__EXERCISE INSTRUCTIONS__: Drop every image, then reproduce the data exactly as given.

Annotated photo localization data
⟨
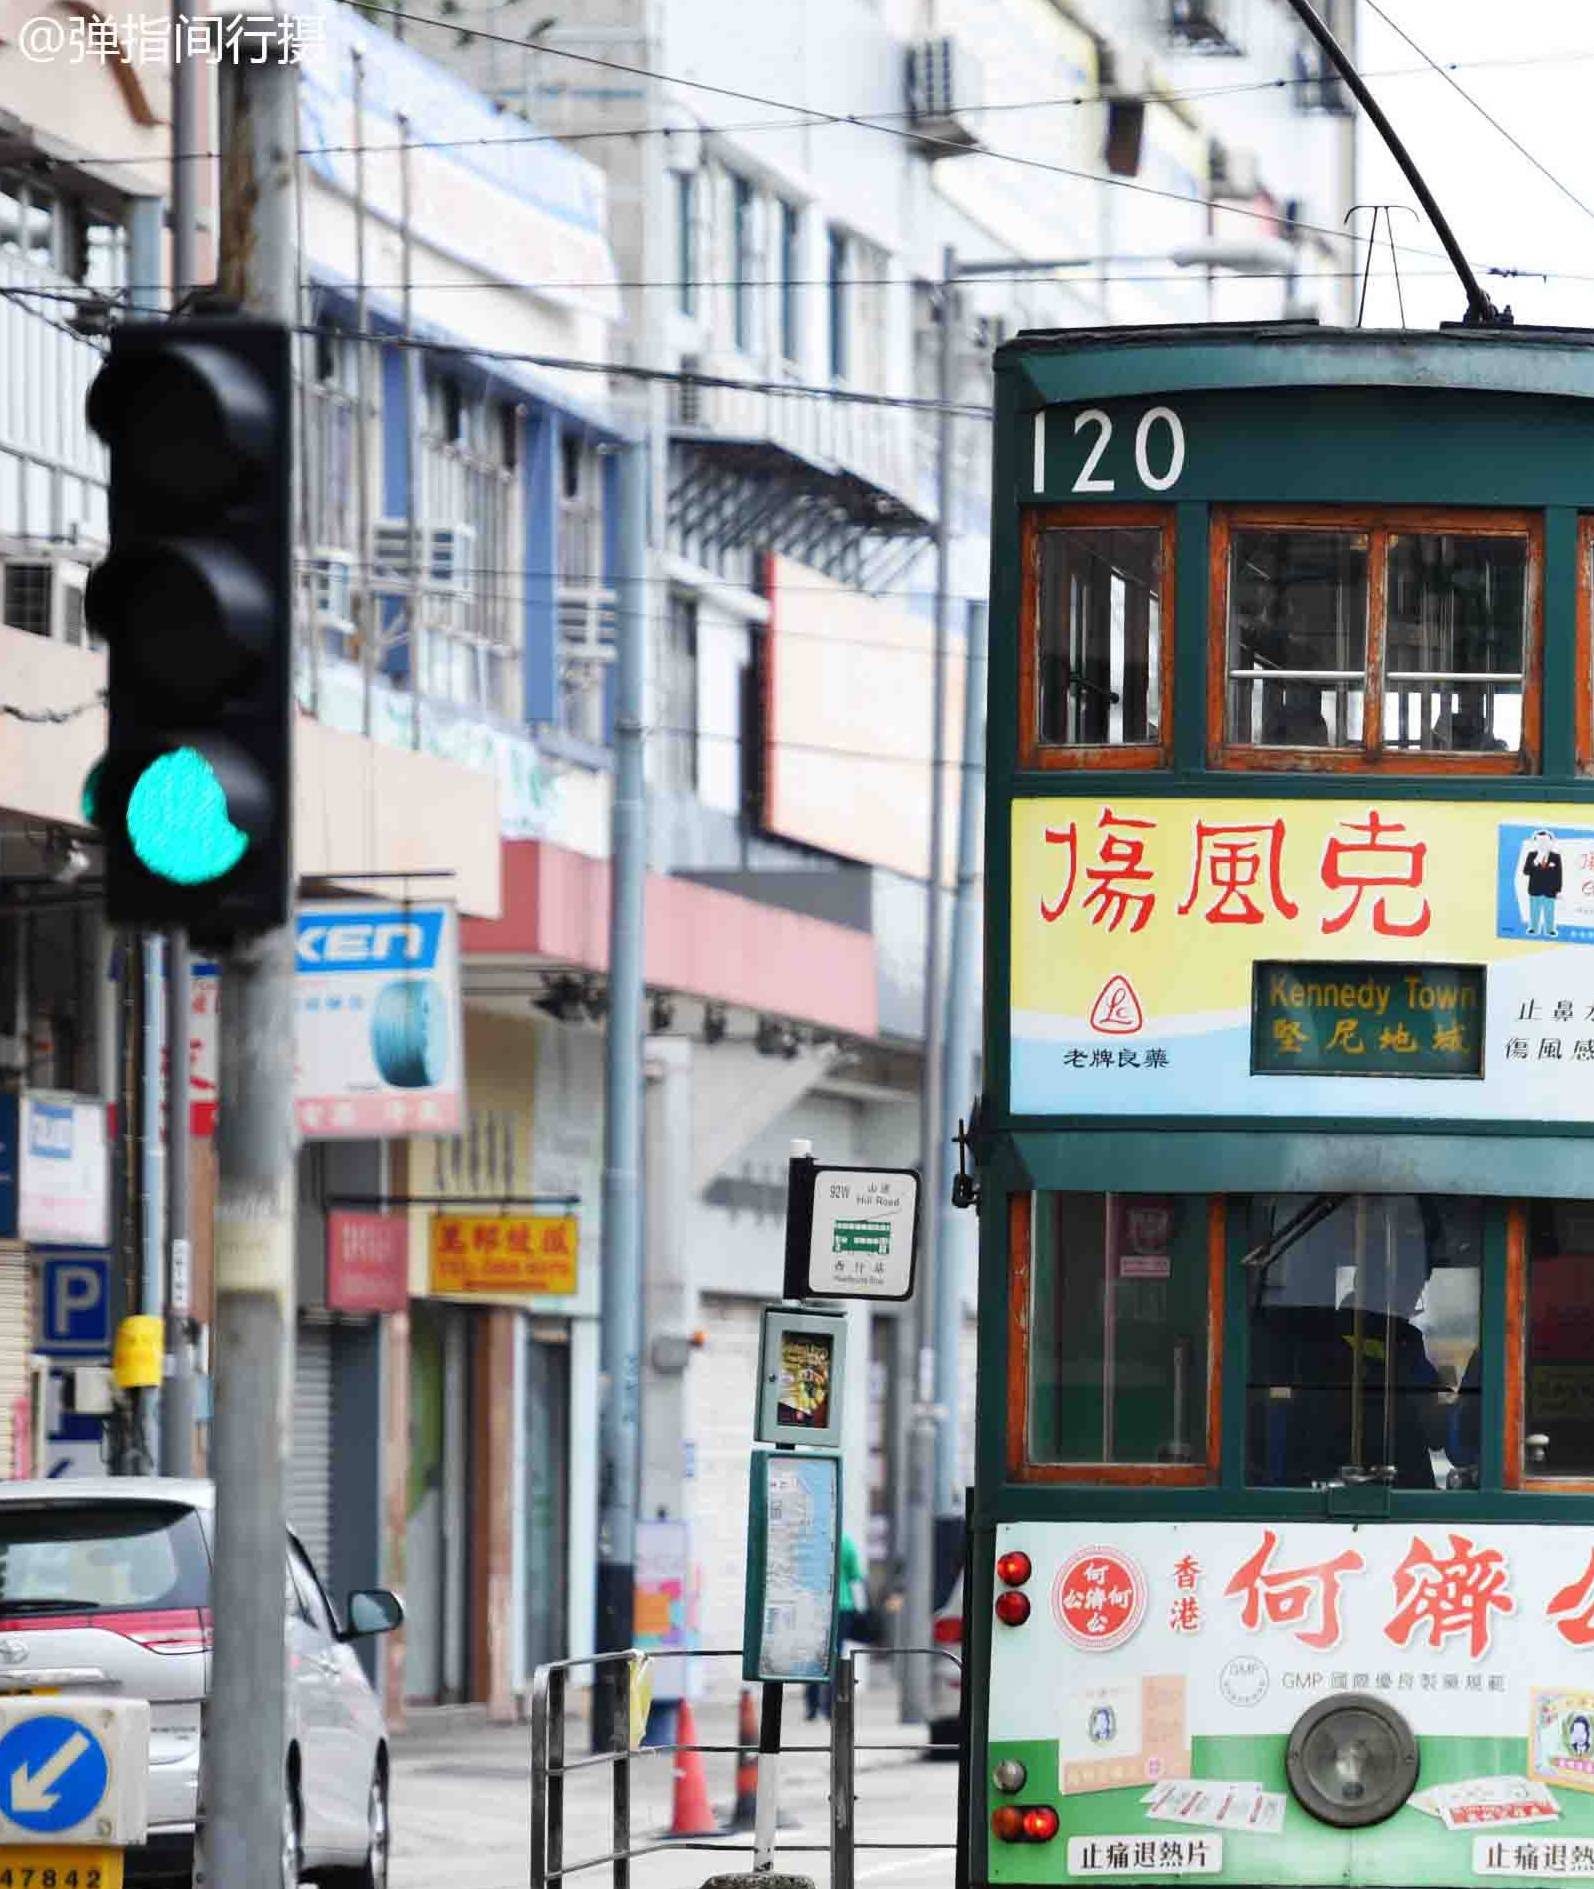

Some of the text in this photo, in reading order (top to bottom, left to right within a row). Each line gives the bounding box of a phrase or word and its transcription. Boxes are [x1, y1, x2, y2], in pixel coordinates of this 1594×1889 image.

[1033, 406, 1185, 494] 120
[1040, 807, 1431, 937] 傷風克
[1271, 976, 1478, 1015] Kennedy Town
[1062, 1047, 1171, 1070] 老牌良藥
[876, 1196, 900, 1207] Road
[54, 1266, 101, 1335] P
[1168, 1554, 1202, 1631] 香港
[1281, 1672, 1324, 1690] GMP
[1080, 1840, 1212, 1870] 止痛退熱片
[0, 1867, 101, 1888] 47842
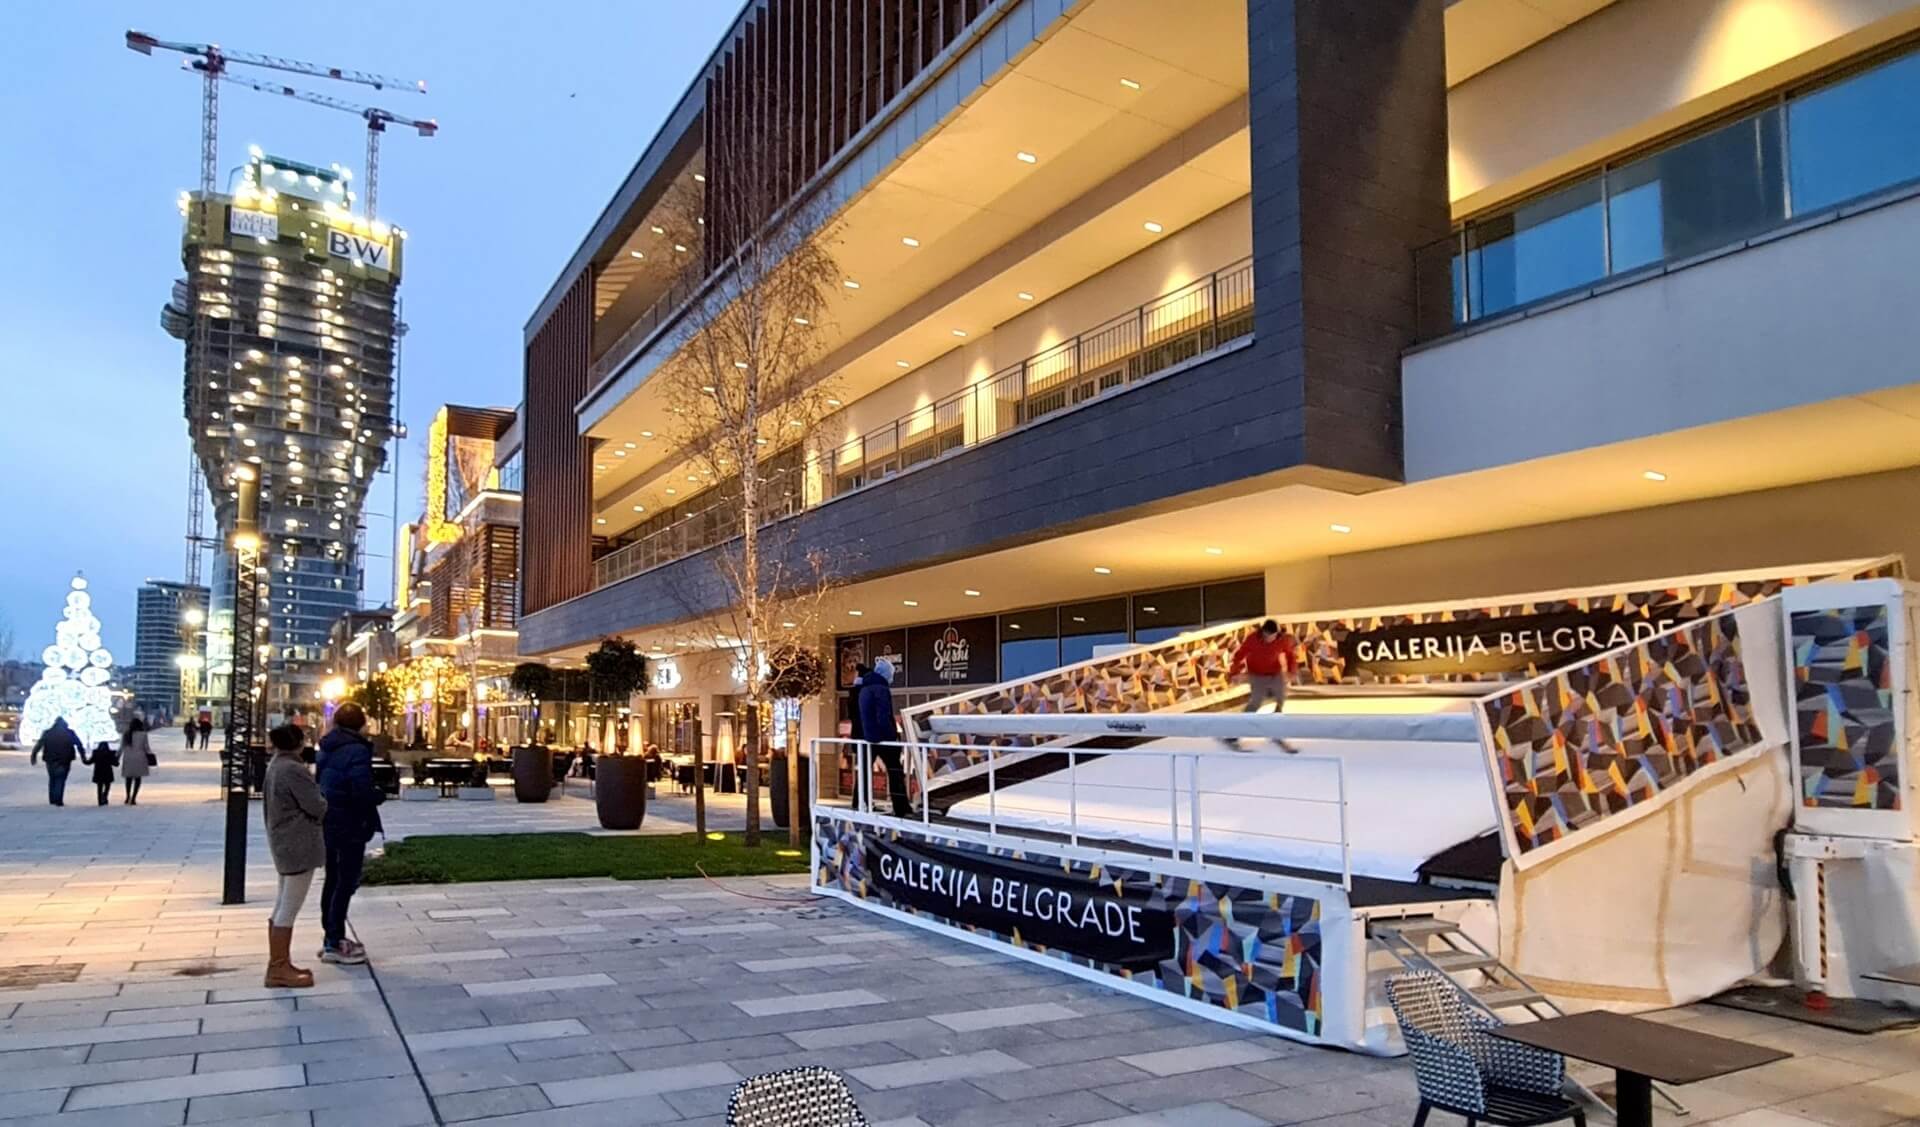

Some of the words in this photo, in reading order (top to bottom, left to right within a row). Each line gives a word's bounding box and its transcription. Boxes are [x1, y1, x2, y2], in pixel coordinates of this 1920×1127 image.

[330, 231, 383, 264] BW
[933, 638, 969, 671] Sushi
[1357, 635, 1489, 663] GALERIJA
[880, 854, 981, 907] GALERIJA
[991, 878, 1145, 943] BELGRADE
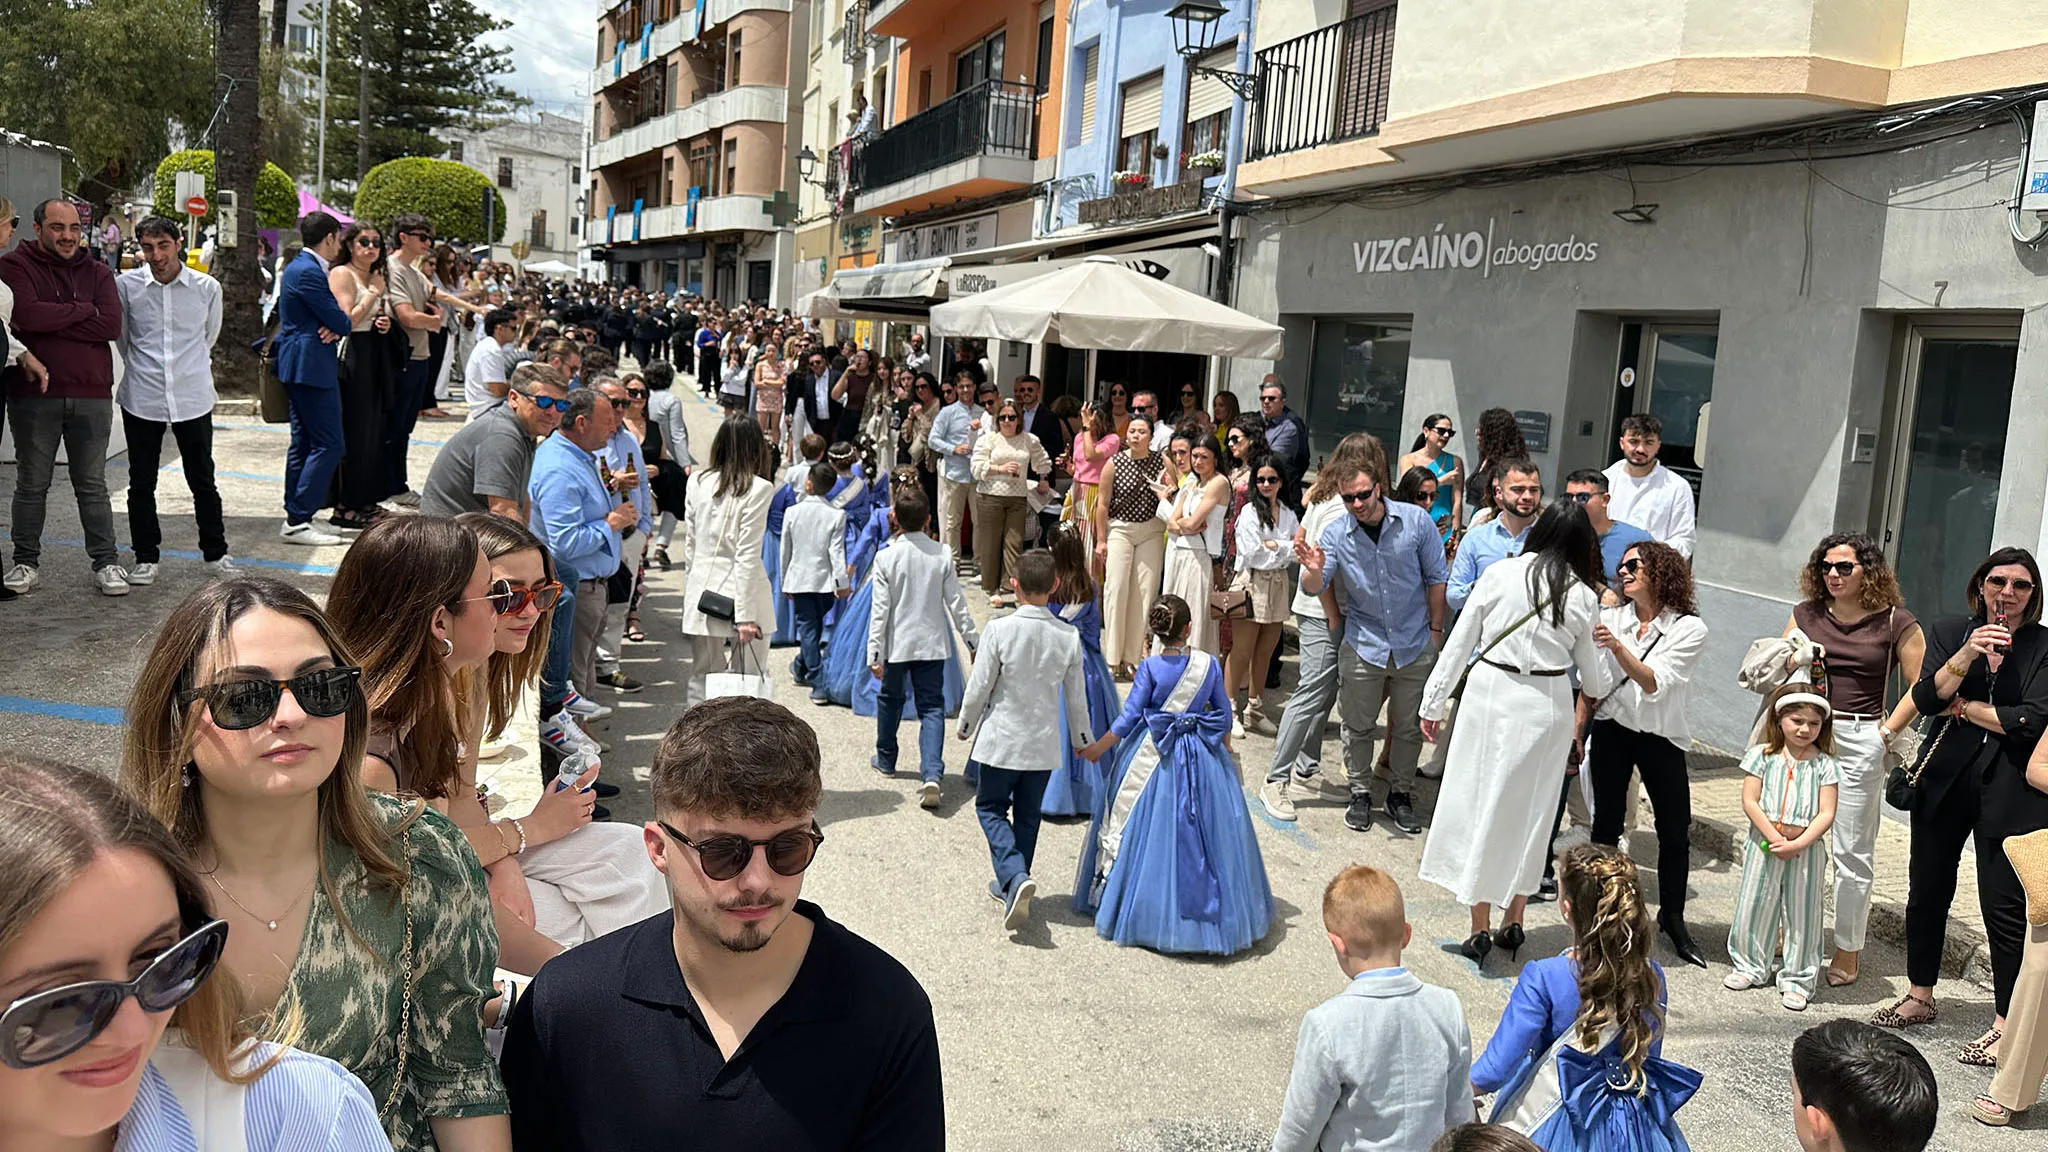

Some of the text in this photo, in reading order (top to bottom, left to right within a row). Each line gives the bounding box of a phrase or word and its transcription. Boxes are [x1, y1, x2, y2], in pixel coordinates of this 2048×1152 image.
⟩
__RESPONSE__:
Some of the text in this photo, in reading order (top to bottom, left to right within a row). Each line gives the bounding box of a phrase or word and its transcription. Boxes are [x1, y1, x2, y2], in pixel coordinates of this 1594×1889 image.

[1033, 406, 1185, 494] 120
[1040, 807, 1431, 937] 傷風克
[1271, 976, 1478, 1015] Kennedy Town
[1062, 1047, 1171, 1070] 老牌良藥
[876, 1196, 900, 1207] Road
[54, 1266, 101, 1335] P
[1168, 1554, 1202, 1631] 香港
[1281, 1672, 1324, 1690] GMP
[1080, 1840, 1212, 1870] 止痛退熱片
[0, 1867, 101, 1888] 47842

Some of the words in this photo, in reading order (top to bottom, left to right within a row). Each line gives a word's bounding box and its transcription. Boxes are [x1, y1, x2, y2], in pixel coordinates of this 1920×1127 image.

[330, 231, 383, 264] BW
[933, 638, 969, 671] Sushi
[1357, 635, 1489, 663] GALERIJA
[880, 854, 981, 907] GALERIJA
[991, 878, 1145, 943] BELGRADE

Some of the text in this photo, in reading order (top to bottom, left to right within a row). Each line gives the bounding box of a phrase or word and its transcription. Boxes are [x1, y1, x2, y2], in pixel coordinates of this 2048×1152 image.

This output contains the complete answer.